Zamana karşı sürekli kararsız bir tutum içinde yolculuk yapmaya benzetirim kışın dağa gitmeyi: zihnin derinliklerinde kaybolmuşken, ayakkabının toz kar altında sert buza çarpmasıyla dünyaya geri gelip, dönüp baktığında arkana saatlerdir açtığın ize dalıp şaşırmak ve kararacağını bildiğin halde havanın devam etmek yürümeye. Ayak izleri her bir anı birbirine bağlarken basit bir mutlulukla gülümsemek -veya neyin peşindeysen artık- ya da saadet dolu o an için bir adım daha atmak…
Ne içindeyim zamanın,
Ne de büsbütün dışında;
Yekpare, geniş bir anın
Parçalanmaz akışında.
…
—A.H. Tanpınar

Akşamdan kalmak -hungover Kaldı dağı (3734 m) doğu yüzünde sabahlamışken tekrar tırmanışa dönme debelenmesi.
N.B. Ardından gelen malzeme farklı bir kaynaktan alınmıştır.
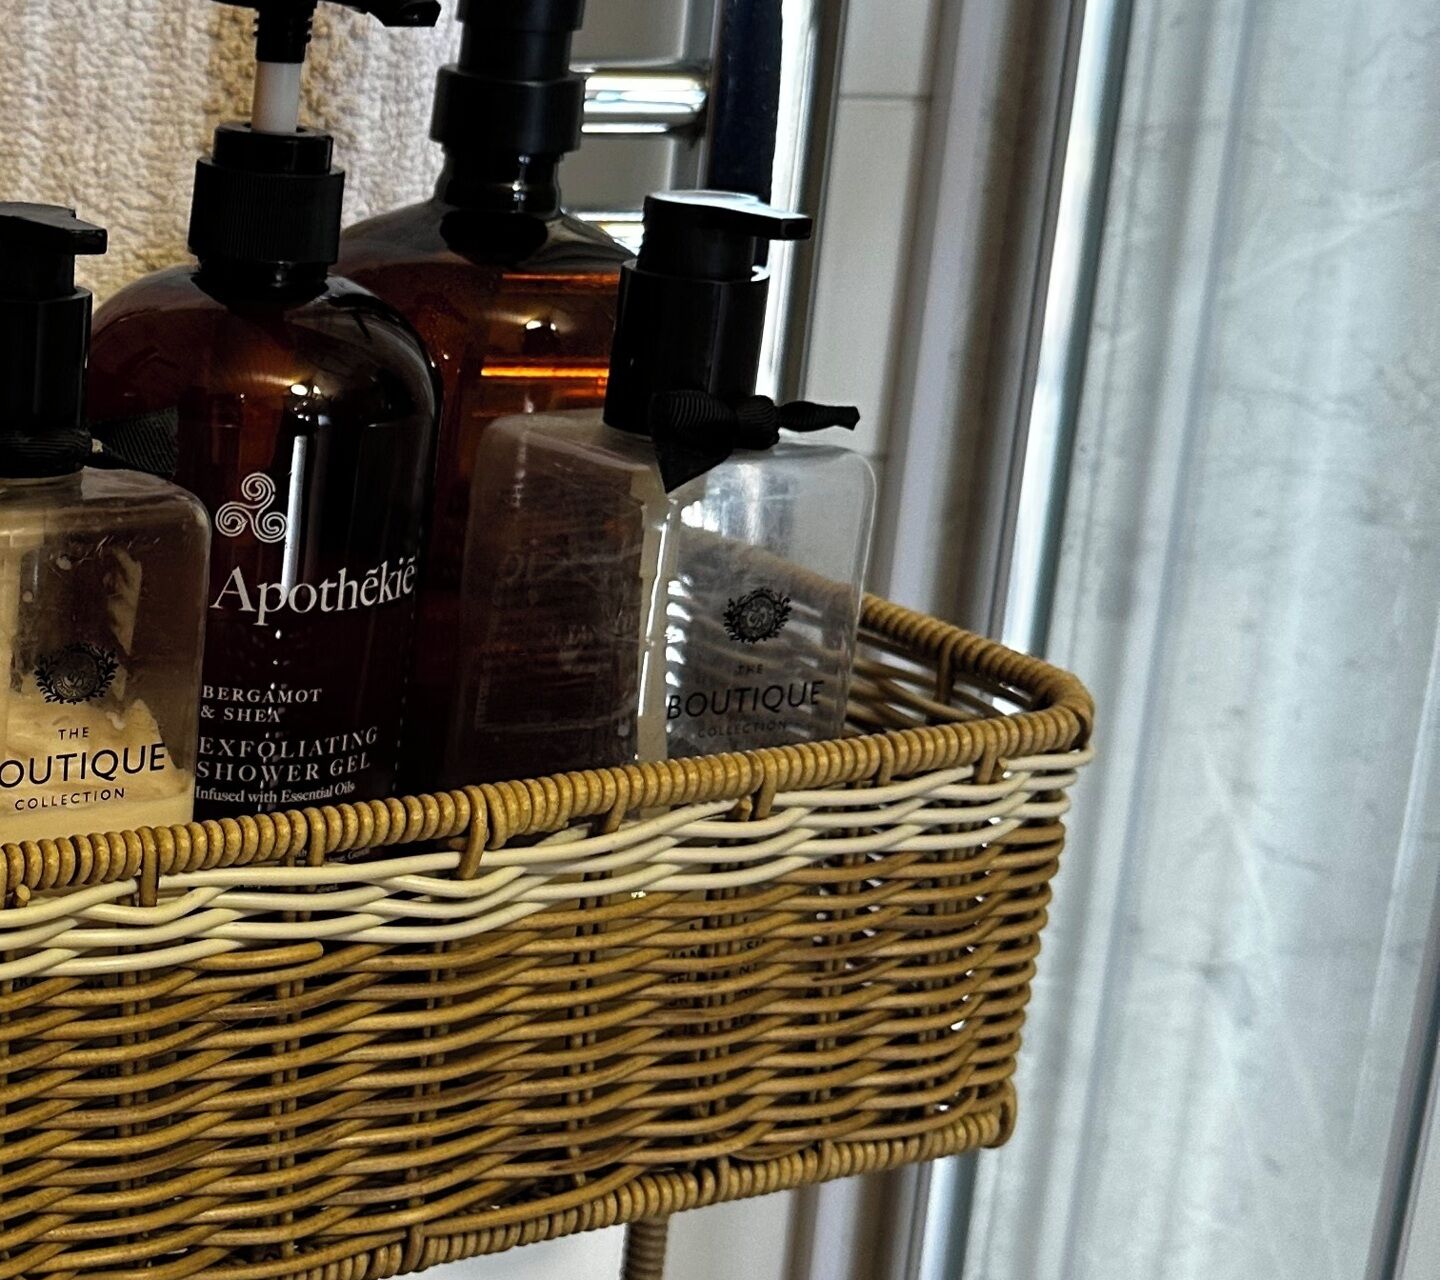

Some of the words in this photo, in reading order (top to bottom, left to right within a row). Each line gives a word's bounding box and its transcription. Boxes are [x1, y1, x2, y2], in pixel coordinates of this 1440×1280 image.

Ben neden buradayım şimdi?
Çoğunlukla sıkıntılı bir rüyaya bürünür o an hislerim, herhalde öncesinde sağlıklı giderken. Neden sonra anlarım meğer mesane infilak etmek üzereymiş. O yüzden bir an evvel işemek zorundayımdır. O kadar üşeniyorum ki! Kalçamdan bacağıma dolanan emniyet kemerini sökmem lazım. Ama daha kötüsü altımda tek parça bir içlik, gövde ve bacaklarımı koruyor, onun üzerinde ise salopet. Dikkatlice bir boşluk yaratmaya çabalıyorum. Hakikaten sıkıştım!
Güneşin doğmasını bekliyorum. Kendimizi tespit ettiğimiz bir doğu yüzünde yüzümüz batıya dönük – batıyla aramızda koca bir dağ var… Emniyet kemerimin verdiği rahatsızlık yüzünden sürekli bir o yana bir bu yana dönüyor, bir türlü uyuyamıyorum. Her halde bir iki saat ancak uyuyabilmişimdir. Geceyi aydınlatan bir ay var, ki eğer uyumayacak olsaydım ne haleti ruheye sokacaktı beni – şimdi ise açık bırakılmış koridor lambasına duyduğum öfkenin yeni biçimi. Eski bir hatıra canlanıyor gözümde. Gün boyu Marmara’da daldıktan sonra Sivriada’ya çıkmıştık, guruba karşı kadeh tokuşturmak için. Hani henüz ufka yakınken dolunay kocamandır ya, gruptan birisi manzaranın başdöndürücülüğüne dayanamayarak feryat etti: “oha!”. Bu romantik, büyüleyici ve heybetli an’a ancak böyle sıçılabilirdi. Birisi: “bu görüntüye karşı hayranlığını böyle mi ifade ediyorsun?”

Önceki gecenin adası. Gecemizi şereflendiren ay ve arkada Kaldı dağının kuzey yüzü. Sırt hattının solda bağlandığı çentik, bizim de rotamızın başladığı yer.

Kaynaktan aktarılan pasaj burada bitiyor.